# How do you find the limit of abs(6x^2-x-5) / [2x^2+2x-4]  as x approaches 1?

Apr 25, 2016

The two sided limit does not exist. For one sided limits see below.

#### Explanation:

${\lim}_{x \rightarrow 1} \frac{\left\mid 6 {x}^{2} - x - 5 \right\mid}{2 {x}^{2} + 2 x - 4}$ has initial form $\frac{0}{0}$, which is indeterminate.

Since $1$ is a zero of the poynomials in the numerator and the denominator, we can be sure that $x - 1$ is a factor of both.
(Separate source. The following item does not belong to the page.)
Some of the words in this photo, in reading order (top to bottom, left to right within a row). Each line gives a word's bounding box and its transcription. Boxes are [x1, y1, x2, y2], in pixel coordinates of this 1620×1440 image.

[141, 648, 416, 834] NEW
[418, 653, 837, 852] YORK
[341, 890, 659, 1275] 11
$\frac{\left\mid 6 {x}^{2} - x - 5 \right\mid}{2 {x}^{2} + 2 x - 4} = \frac{\left\mid 6 x + 5 \right\mid \left\mid x - 1 \right\mid}{2 \left(x + 2\right) \left(x - 1\right)}$

Observe that

$\frac{\left\mid x - 1 \right\mid}{x - 1} = \left\{\begin{matrix}1 & \text{if" & x > 1 \\ -1 & "if} & x < 1\end{matrix}\right.$

So,

$\frac{\left\mid 6 x + 5 \right\mid \left\mid x - 1 \right\mid}{2 \left(x + 2\right) \left(x - 1\right)} = \left\{\begin{matrix}\frac{\left\mid 6 x + 5 \right\mid}{2 x + 4} & \text{if" & x > 1 \\ -abs(6x+5)/(2x+4) & "if} & x < 1\end{matrix}\right.$

Therefore,

${\lim}_{x \rightarrow {1}^{+}} \frac{\left\mid 6 {x}^{2} - x - 5 \right\mid}{2 {x}^{2} + 2 x - 4} = \frac{11}{6}$

and

${\lim}_{x \rightarrow {1}^{-}} \frac{\left\mid 6 {x}^{2} - x - 5 \right\mid}{2 {x}^{2} + 2 x - 4} = - \frac{11}{6}$

Because the one-sided limits are distinct, the limit does not exist.